Dataset records:
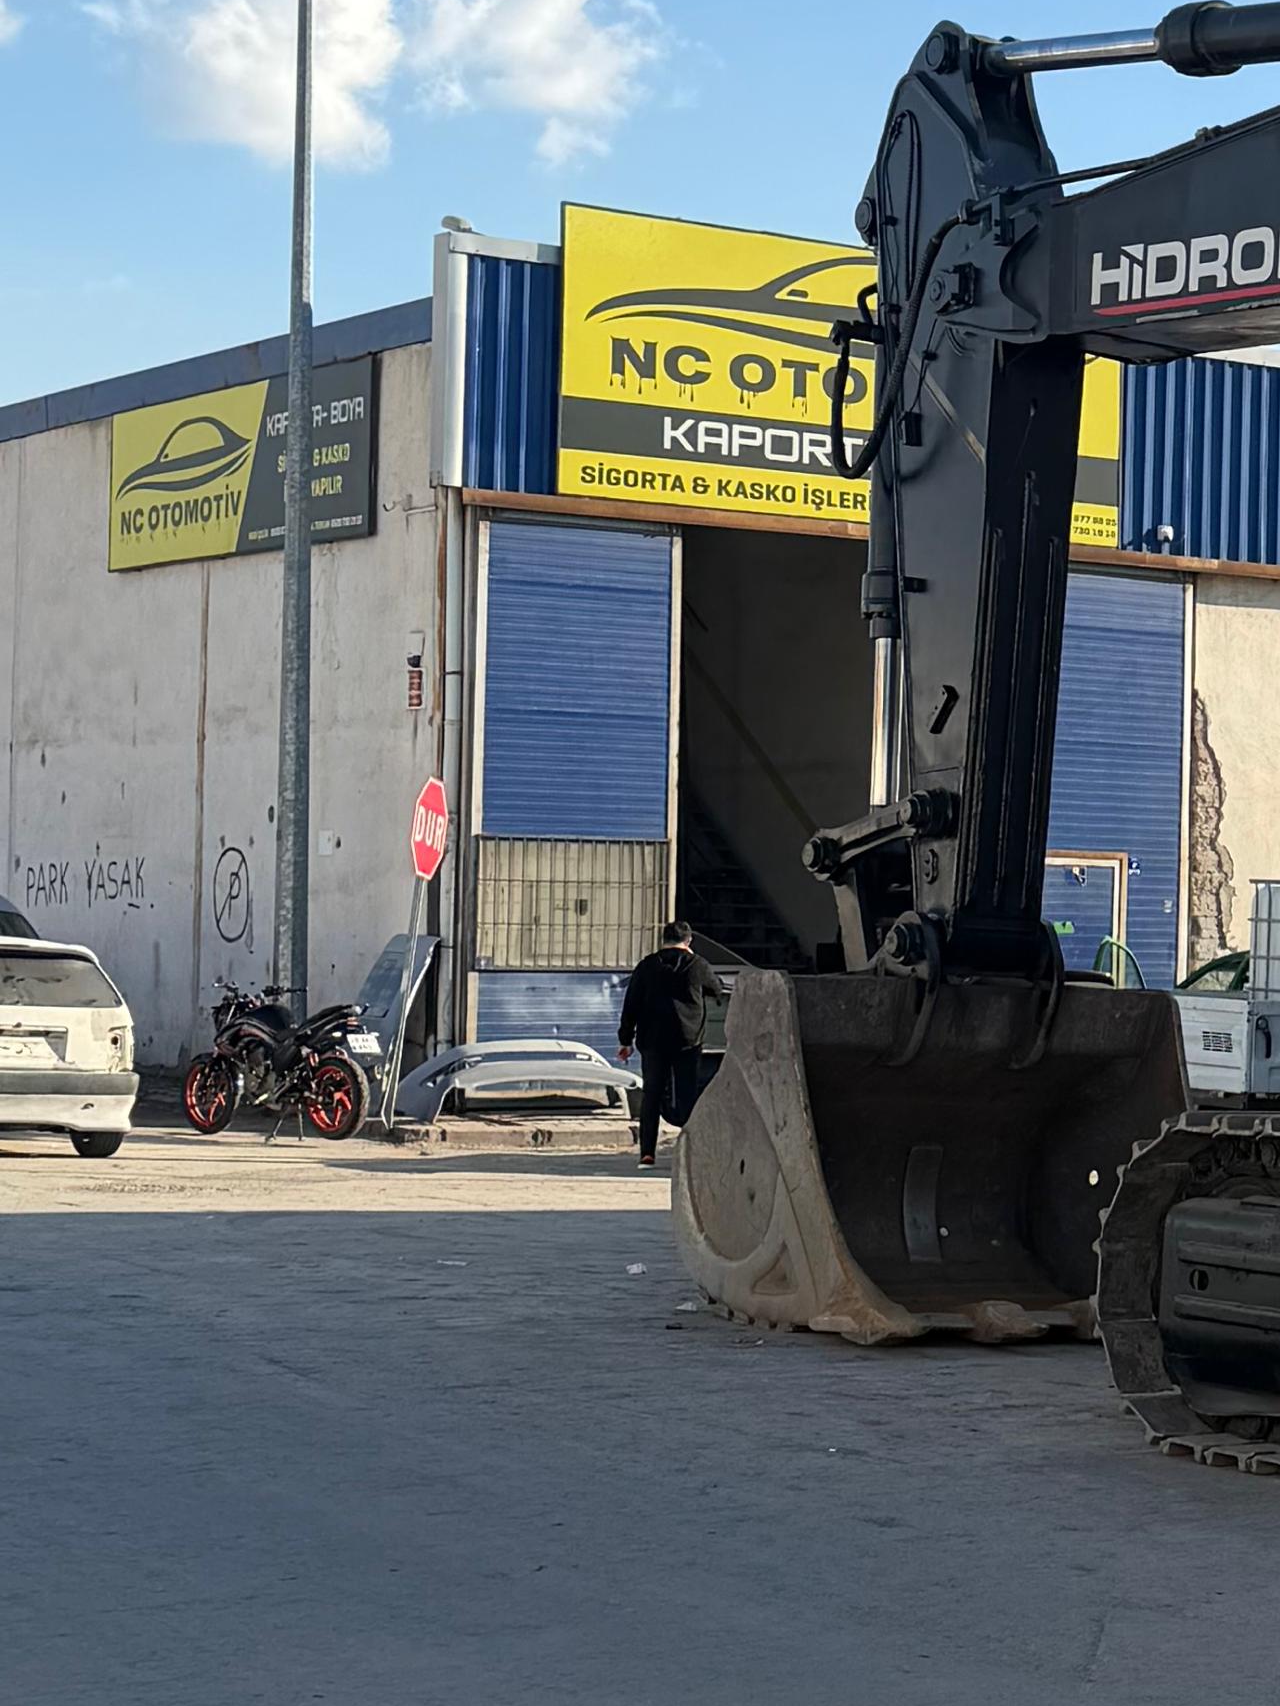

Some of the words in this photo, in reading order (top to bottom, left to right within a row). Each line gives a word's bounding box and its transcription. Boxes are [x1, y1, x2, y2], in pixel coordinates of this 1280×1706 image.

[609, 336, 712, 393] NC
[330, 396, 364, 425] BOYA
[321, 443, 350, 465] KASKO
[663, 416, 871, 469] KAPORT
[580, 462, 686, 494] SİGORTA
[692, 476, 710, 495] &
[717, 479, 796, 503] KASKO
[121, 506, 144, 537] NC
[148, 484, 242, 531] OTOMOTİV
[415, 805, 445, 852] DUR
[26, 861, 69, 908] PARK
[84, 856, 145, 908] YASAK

Goal of the exercise: Could you transcribe every entry above exactly, leaving out the images?

Output of the task:
Some of the words in this photo, in reading order (top to bottom, left to right within a row). Each line gives a word's bounding box and its transcription. Boxes are [x1, y1, x2, y2], in pixel coordinates of this 1280×1706 image.

[609, 336, 712, 393] NC
[330, 396, 364, 425] BOYA
[321, 443, 350, 465] KASKO
[663, 416, 871, 469] KAPORT
[580, 462, 686, 494] SİGORTA
[692, 476, 710, 495] &
[717, 479, 796, 503] KASKO
[121, 506, 144, 537] NC
[148, 484, 242, 531] OTOMOTİV
[415, 805, 445, 852] DUR
[26, 861, 69, 908] PARK
[84, 856, 145, 908] YASAK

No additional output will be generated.